Segment Start: Input
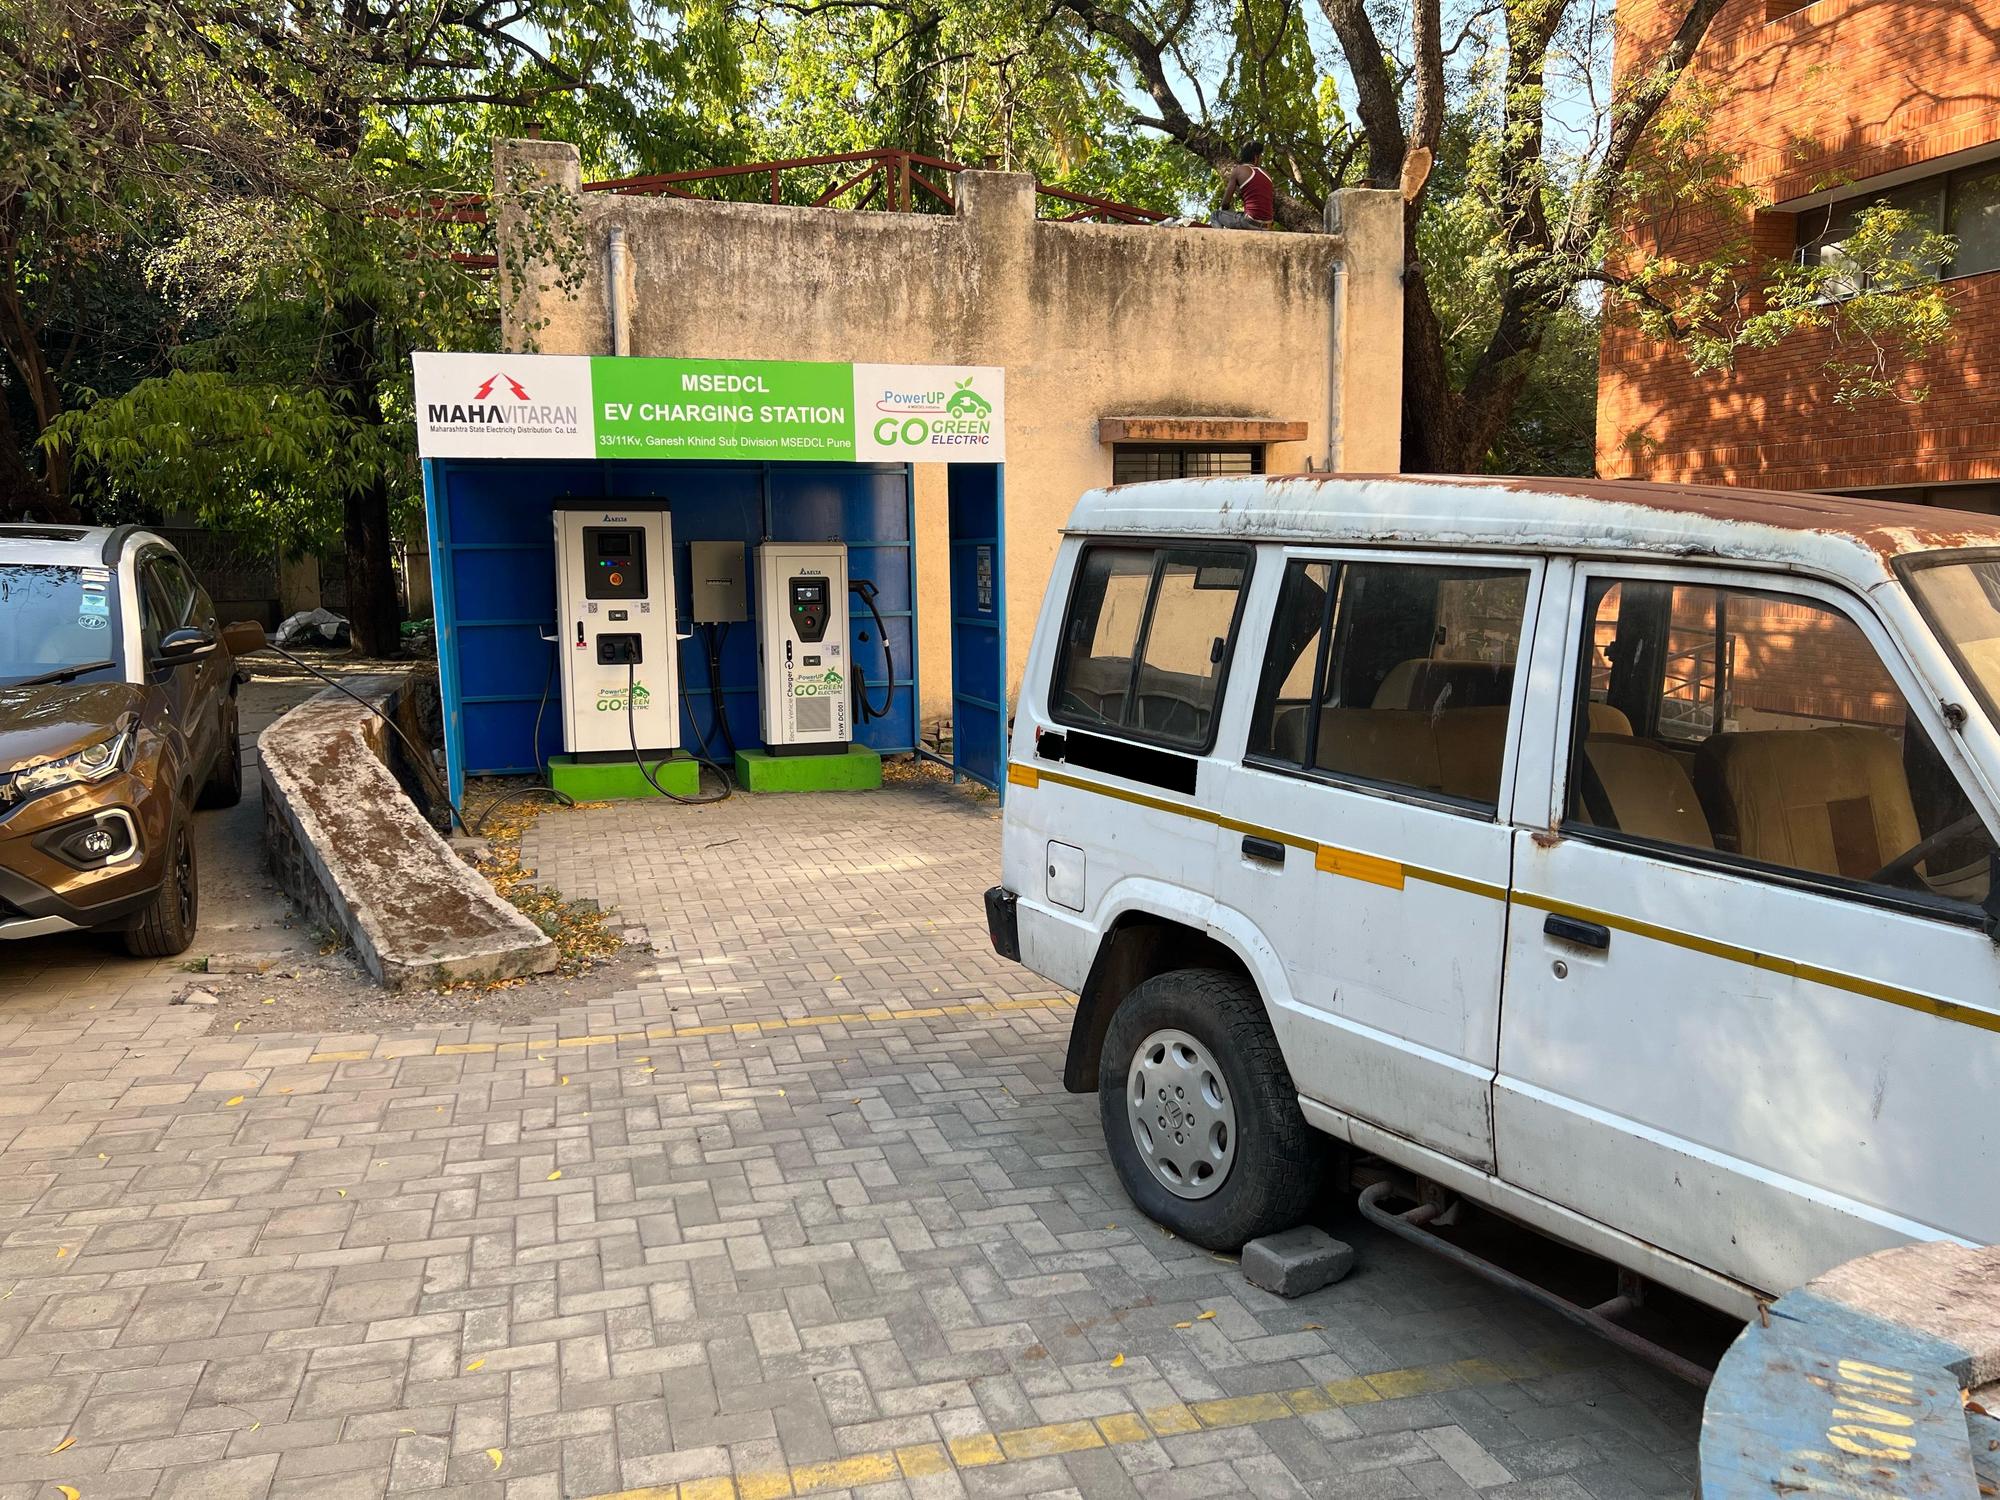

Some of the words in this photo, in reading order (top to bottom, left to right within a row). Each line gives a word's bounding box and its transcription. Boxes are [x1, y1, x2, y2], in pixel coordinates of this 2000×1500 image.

[682, 374, 769, 393] MSEDCL
[884, 390, 945, 404] PowerUP
[428, 404, 577, 424] MAHAVITARAN
[604, 403, 633, 421] EV
[640, 404, 754, 423] CHARGING
[760, 406, 845, 424] STATION
[430, 425, 468, 433] Maharashtra
[470, 425, 485, 433] State
[486, 425, 516, 435] Electricity
[518, 426, 552, 434] Distribution
[566, 426, 578, 434] Ltd.
[873, 417, 929, 446] GO
[931, 420, 990, 434] GREEN
[600, 435, 643, 447] 33/11Kv,
[645, 436, 685, 446] Ganesh
[688, 436, 716, 446] Khind
[719, 437, 738, 446] Sub
[741, 437, 778, 447] Division
[781, 438, 824, 448] MSEDCL
[827, 438, 851, 448] Pune
[931, 435, 990, 445] ELECTRIC
[795, 685, 817, 696] GO
[597, 700, 621, 711] GO
Segment End: Input
**What this task involves:** The data is to be printed again exactly, but without its pictures.

**Written response:**
Some of the words in this photo, in reading order (top to bottom, left to right within a row). Each line gives a word's bounding box and its transcription. Boxes are [x1, y1, x2, y2], in pixel coordinates of this 2000×1500 image.

[682, 374, 769, 393] MSEDCL
[884, 390, 945, 404] PowerUP
[428, 404, 577, 424] MAHAVITARAN
[604, 403, 633, 421] EV
[640, 404, 754, 423] CHARGING
[760, 406, 845, 424] STATION
[430, 425, 468, 433] Maharashtra
[470, 425, 485, 433] State
[486, 425, 516, 435] Electricity
[518, 426, 552, 434] Distribution
[566, 426, 578, 434] Ltd.
[873, 417, 929, 446] GO
[931, 420, 990, 434] GREEN
[600, 435, 643, 447] 33/11Kv,
[645, 436, 685, 446] Ganesh
[688, 436, 716, 446] Khind
[719, 437, 738, 446] Sub
[741, 437, 778, 447] Division
[781, 438, 824, 448] MSEDCL
[827, 438, 851, 448] Pune
[931, 435, 990, 445] ELECTRIC
[795, 685, 817, 696] GO
[597, 700, 621, 711] GO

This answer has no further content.